▸ **Task to complete**
Nothing but the records, repeated word for word and free of pictures, belongs in the answer.

(Records from a dataset)
--
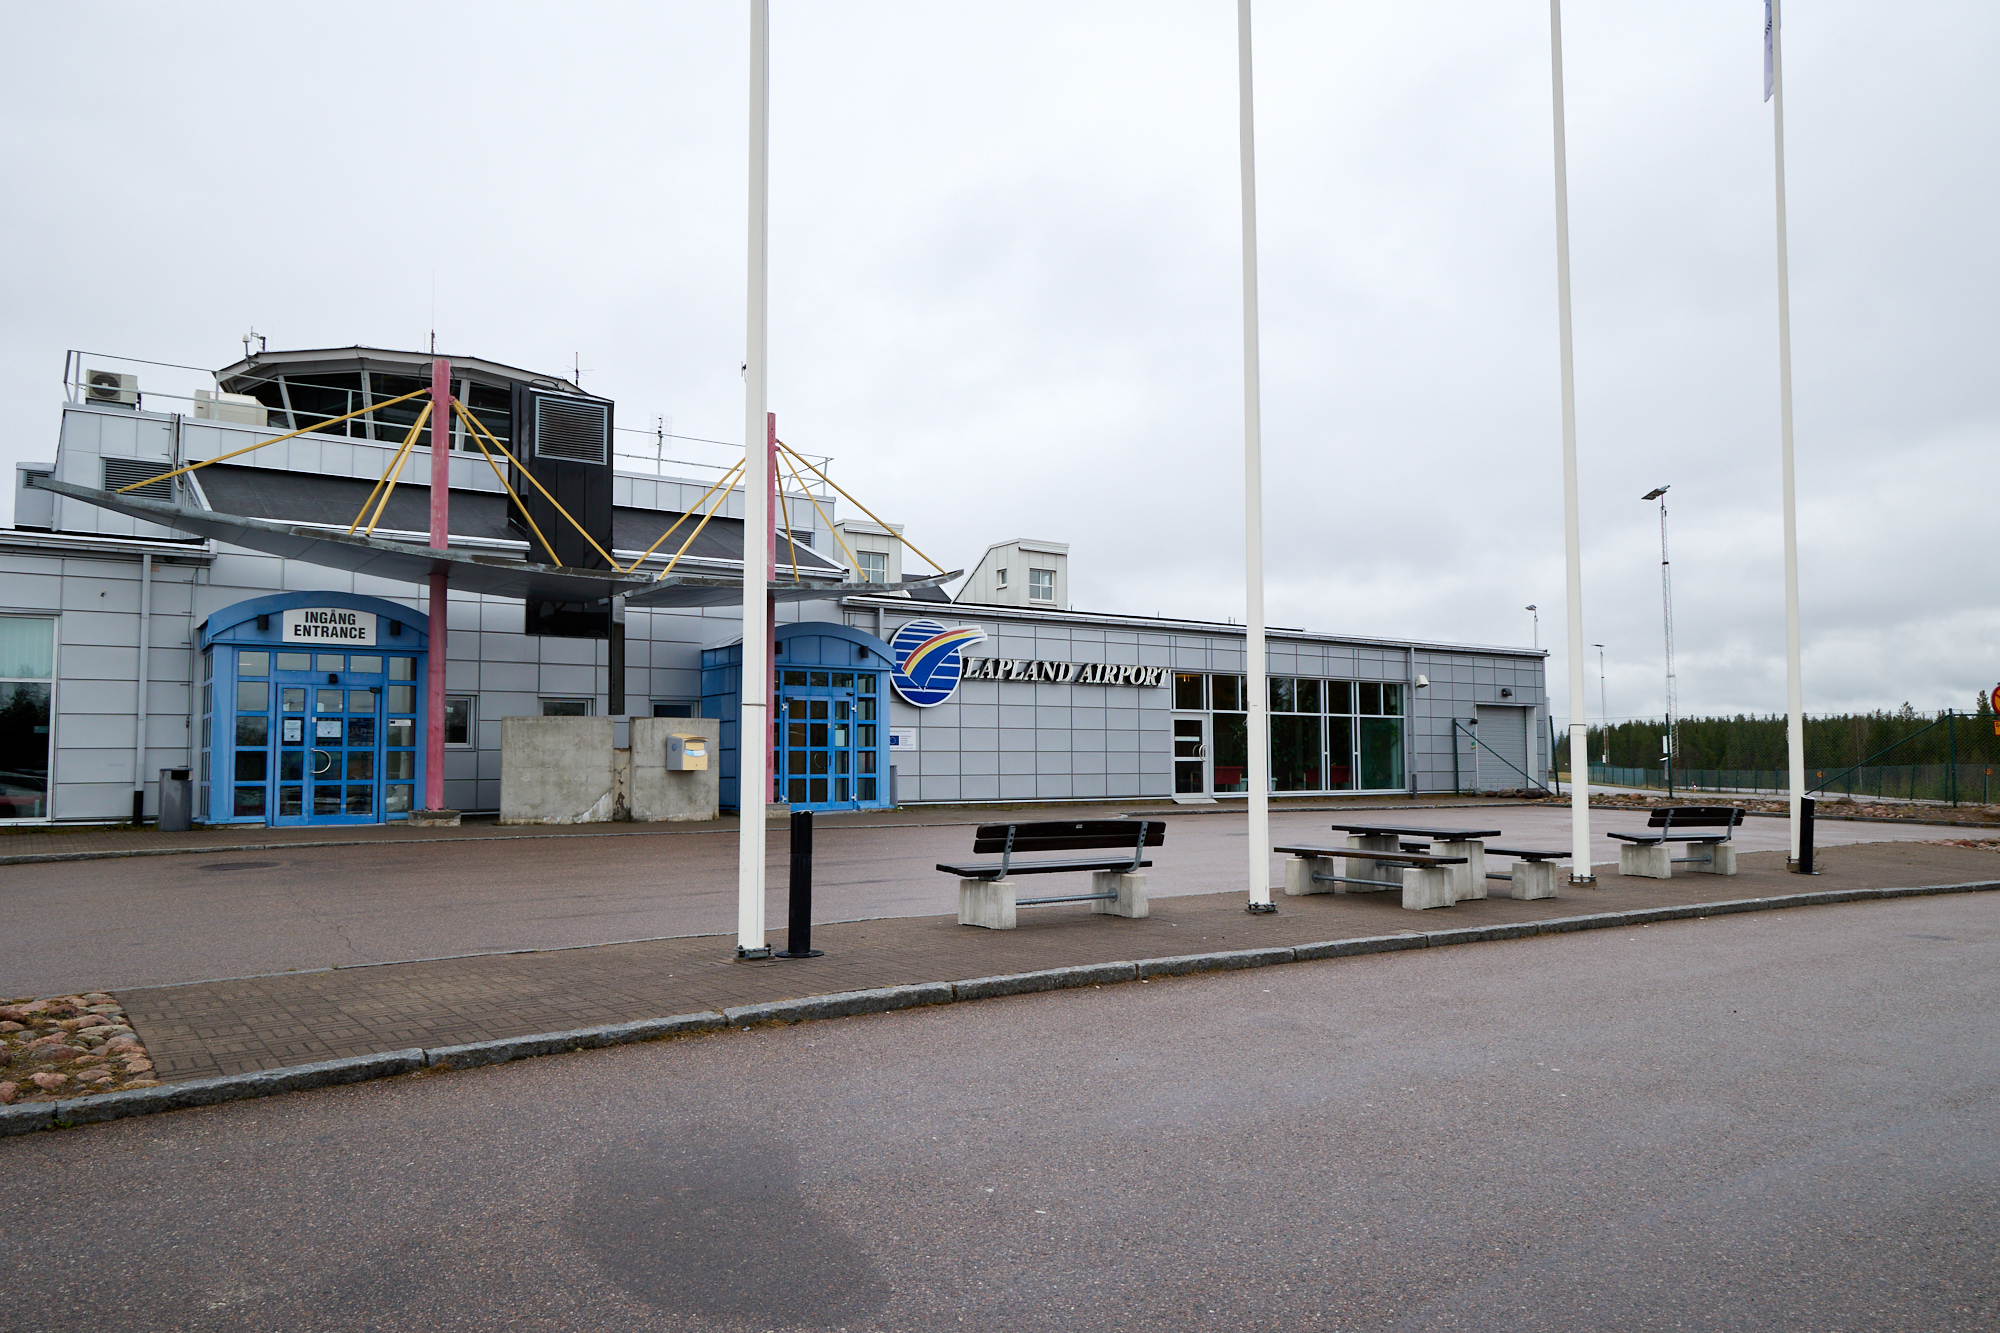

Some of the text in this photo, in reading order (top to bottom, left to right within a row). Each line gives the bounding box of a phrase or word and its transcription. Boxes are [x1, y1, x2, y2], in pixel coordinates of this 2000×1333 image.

[305, 609, 356, 625] INGÅNG
[294, 624, 366, 639] ENTRANCE
[963, 656, 1171, 687] LAPLAND AIRPORT
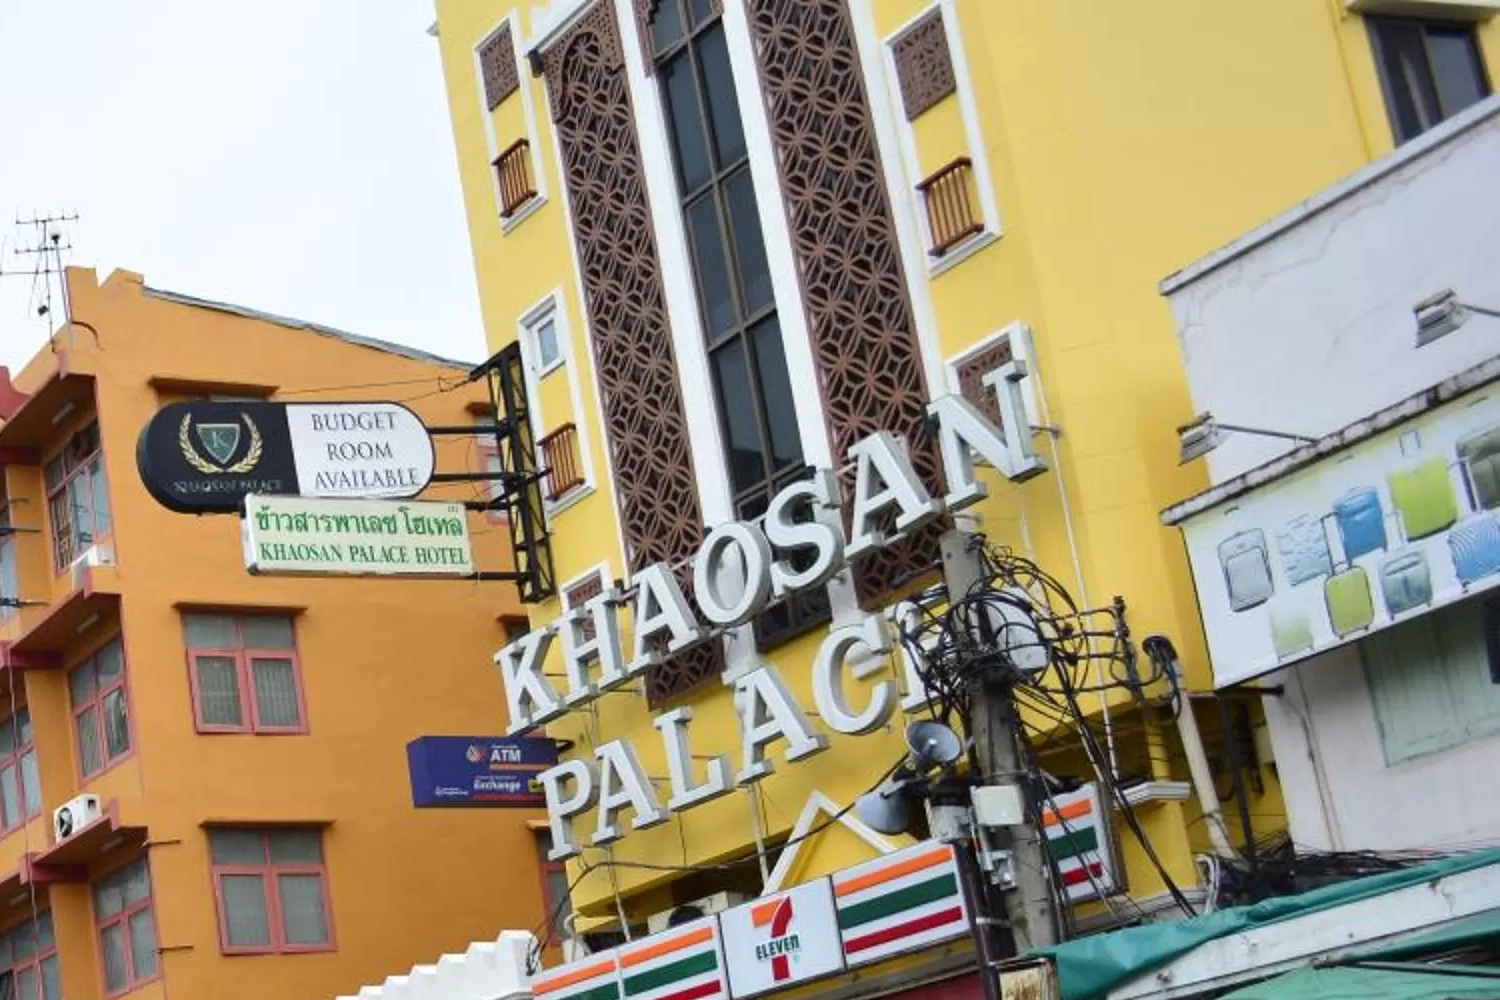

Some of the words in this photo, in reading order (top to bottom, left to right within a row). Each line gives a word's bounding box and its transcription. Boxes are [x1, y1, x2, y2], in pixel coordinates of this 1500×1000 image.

[311, 411, 397, 433] BUDGET
[327, 441, 394, 461] ROOM
[314, 466, 420, 489] AVAILABLE
[260, 543, 341, 562] KHAOSAN
[349, 545, 409, 563] PALACE
[415, 547, 468, 564] HOTEL
[494, 359, 1048, 737] KHAOSAN
[490, 749, 521, 763] ATM
[473, 779, 521, 793] Exchange
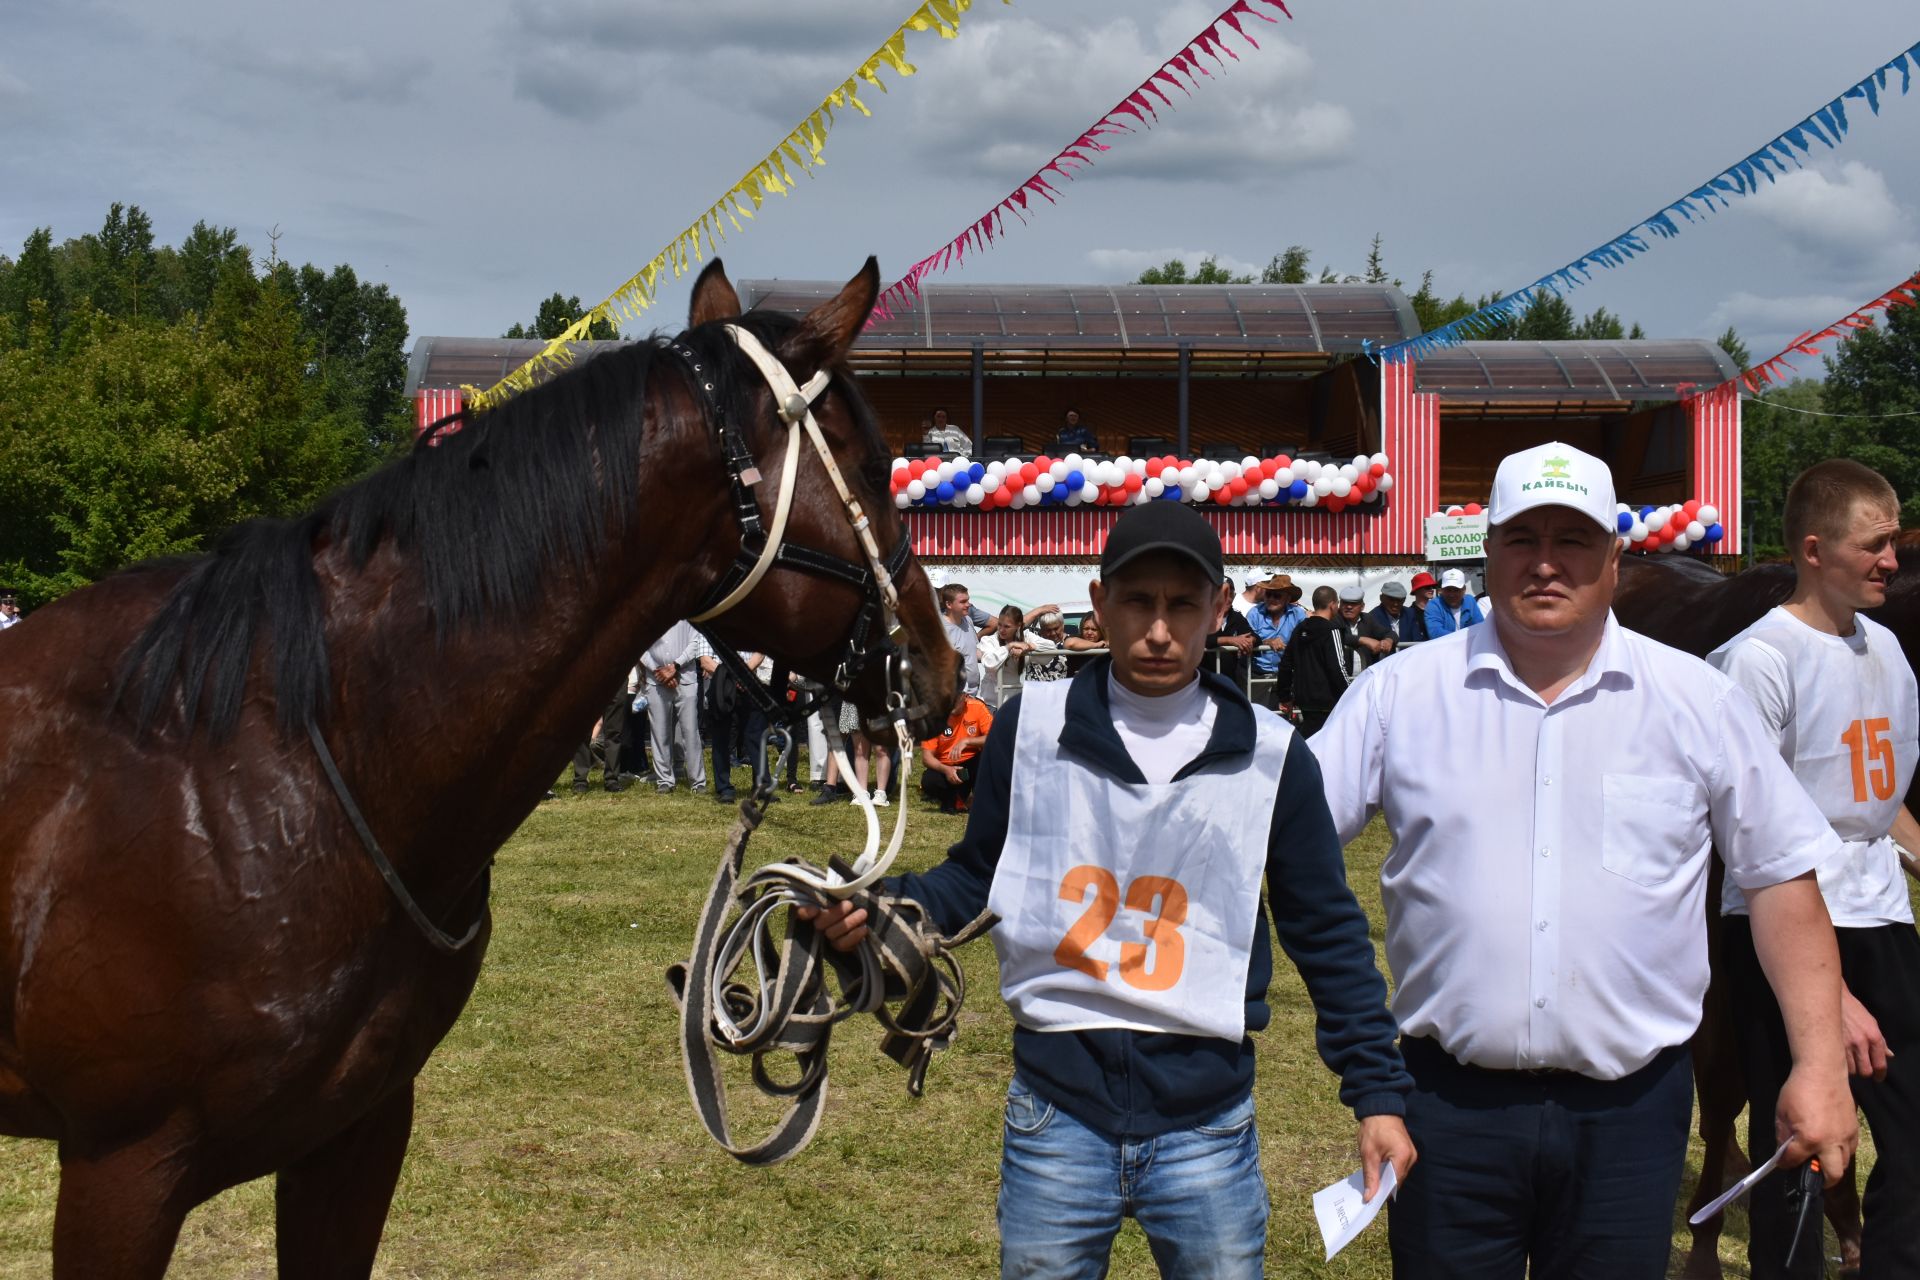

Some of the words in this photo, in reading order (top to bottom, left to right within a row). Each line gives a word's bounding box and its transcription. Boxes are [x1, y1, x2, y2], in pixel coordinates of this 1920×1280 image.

[1522, 478, 1588, 496] КАЙБЫЧ
[1432, 532, 1488, 545] АБСОЛЮТ
[1440, 544, 1482, 557] БАТЫР
[1841, 717, 1896, 803] 15
[1053, 864, 1189, 992] 23
--
▸ **Solution to the problem**
Some of the text in this photo, in reading order (top to bottom, left to right within a row). Each line gives the bounding box of a phrase or word and its transcription. Boxes are [x1, y1, x2, y2], in pixel coordinates of this 2000×1333 image.

[305, 609, 356, 625] INGÅNG
[294, 624, 366, 639] ENTRANCE
[963, 656, 1171, 687] LAPLAND AIRPORT

Some of the words in this photo, in reading order (top to bottom, left to right within a row). Each line gives a word's bounding box and its transcription. Boxes are [x1, y1, x2, y2], in pixel coordinates of this 1500×1000 image.

[311, 411, 397, 433] BUDGET
[327, 441, 394, 461] ROOM
[314, 466, 420, 489] AVAILABLE
[260, 543, 341, 562] KHAOSAN
[349, 545, 409, 563] PALACE
[415, 547, 468, 564] HOTEL
[494, 359, 1048, 737] KHAOSAN
[490, 749, 521, 763] ATM
[473, 779, 521, 793] Exchange

Some of the words in this photo, in reading order (top to bottom, left to right within a row). Each line gives a word's bounding box and its transcription. Boxes are [x1, y1, x2, y2], in pixel coordinates of this 1920×1280 image.

[1522, 478, 1588, 496] КАЙБЫЧ
[1432, 532, 1488, 545] АБСОЛЮТ
[1440, 544, 1482, 557] БАТЫР
[1841, 717, 1896, 803] 15
[1053, 864, 1189, 992] 23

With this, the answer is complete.